Бури в северных Морях. В первый раз на своей памяти я столкнулся с одной такой в тот же день, как “Буря” там оказалась. На горизонте показалось темное облако. Не надо быть гением или метеорологом, чтобы понять, что грядет. Командир небрежно приказал взять четыре рифа у марселей и убрать грот. Я хотел возразить и предложить убрать и фок или вообще лучше идти только под такелажем, но Кид схватил меня за руку и вполголоса сказал:
– Я знаю, о чем ты думаешь. Он тебя в жизни не послушает, только… сам знаешь. Лучше стой тут.
Я подчинился. Налетел ветер. Легкая шхуна подскочила, но устояла. Меня подмывало лечь в фордевинд, но Не Промах предупреждающе стиснул мое плечо. Новый вал налетел на штирборт “Бури” и нас обрызгало ледяной водой. Мы убрали марселя. Свежий порыв надул фок, шхуна поддалась и хлебанула воды. Мы убрали и фок. Остался один-единственный брамсель. Когда я заметил это, буря уже полностью разыгралась, очередной крен градусов в 80 опрокинул корабль на правый борт. Еле удержавшись, я отряхнулся и решил рискнуть. Рядом откашливался от соленой воды Кид. Когда он увидел, что я нетвердой походкой направился к вантам, я услышал его истошный крик:
– Стой, болван!
– Да иди ты!
Я встал на выбленки и полез.
– Дюк! – раздался изумленно-злой вопль командира. – Слезай! Слезай сейчас же, щенок!

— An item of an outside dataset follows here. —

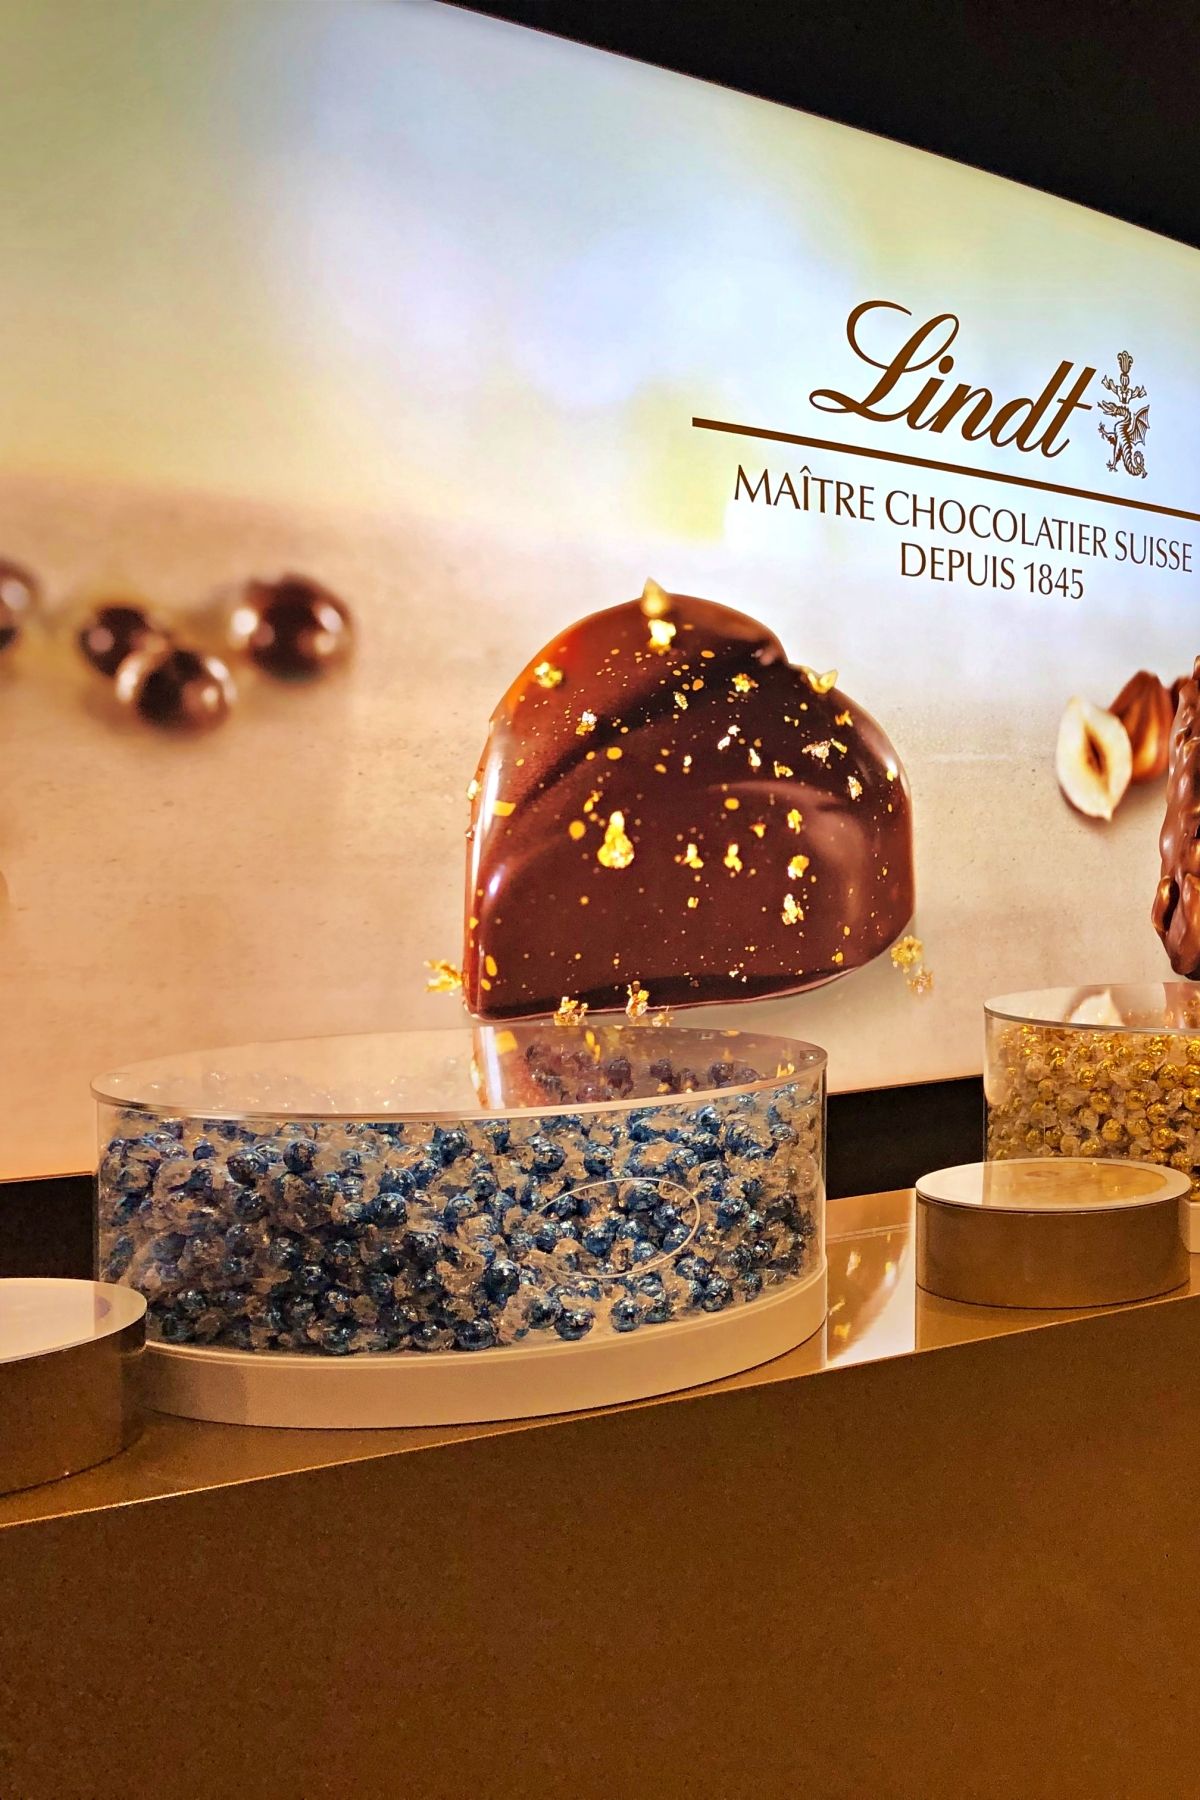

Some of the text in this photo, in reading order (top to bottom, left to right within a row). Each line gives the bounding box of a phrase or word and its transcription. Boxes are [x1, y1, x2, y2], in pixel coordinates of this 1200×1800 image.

Я уже преодолел марсовую площадку и вступил на фор-стень-ванты, когда на палубе заорали, пусть и не мне:
– Осторожно!
Я приготовился к тому, чтобы нырнуть. На этот раз крен перешел порог в 90 градусов и моя спина со всплеском встретилась с ледяной водой. В голове пронеслось “не вздумай отцепляться, черт тебя подери!”. У меня заложило уши и потому я не сразу понял, что уже оказался на поверхности. Со стучащими от холода зубами я полез дальше и добрался наконец до проклятого брамселя. Очередная волна поддала нам в борт и до меня дошло, что развязывать булинь времени нет. Я достал новенький нож и с силой рванулся вперед, чтобы оборвать снасти одним ударом. Они поддались лезвию, но и я не устоял и чуть не полетел вниз. Спас меня только моей же рукой оборвавшийся шкот. Я, взяв нож в зубы, повис на нем. Поняв, что так не удержусь, я начал искать ногами фор-марса-рей. Встав на него, я, видимо, вообразив, что передо мною Шеба, с нежностью любовника обнял фор-брам-стеньгу и начал думать, как мне обрезать другой шкот. Я сошел с рея, встал на перты. Вдруг шхуна сотряслась, моя нога соскользнула, и я чуть было не сорвался вниз. Поняв, что я все еще очень хочу жить, я вцепился в перты обеими руками, и повис в воздухе. Увидев, как под моими болтающимися в воздухе ногами разверзается сошедшая с ума водная стихия, я нервно сглотнул, но все же, перебирая руками, наконец добрался до фор-брамсель-шкота и резким движением перерезал его. Брамсель был обезврежен, но чуть было не вместе со мной, потому что как только я повис на одной руке и меня тряхануло, и я начал очень быстро спускаться. Очень быстро. Падение я смог затормозить только благодаря тому, что схватился за бакштаг, к чертям собачьим содрав себе кожу с ладоней. Наконец, с треском свалился на опердек.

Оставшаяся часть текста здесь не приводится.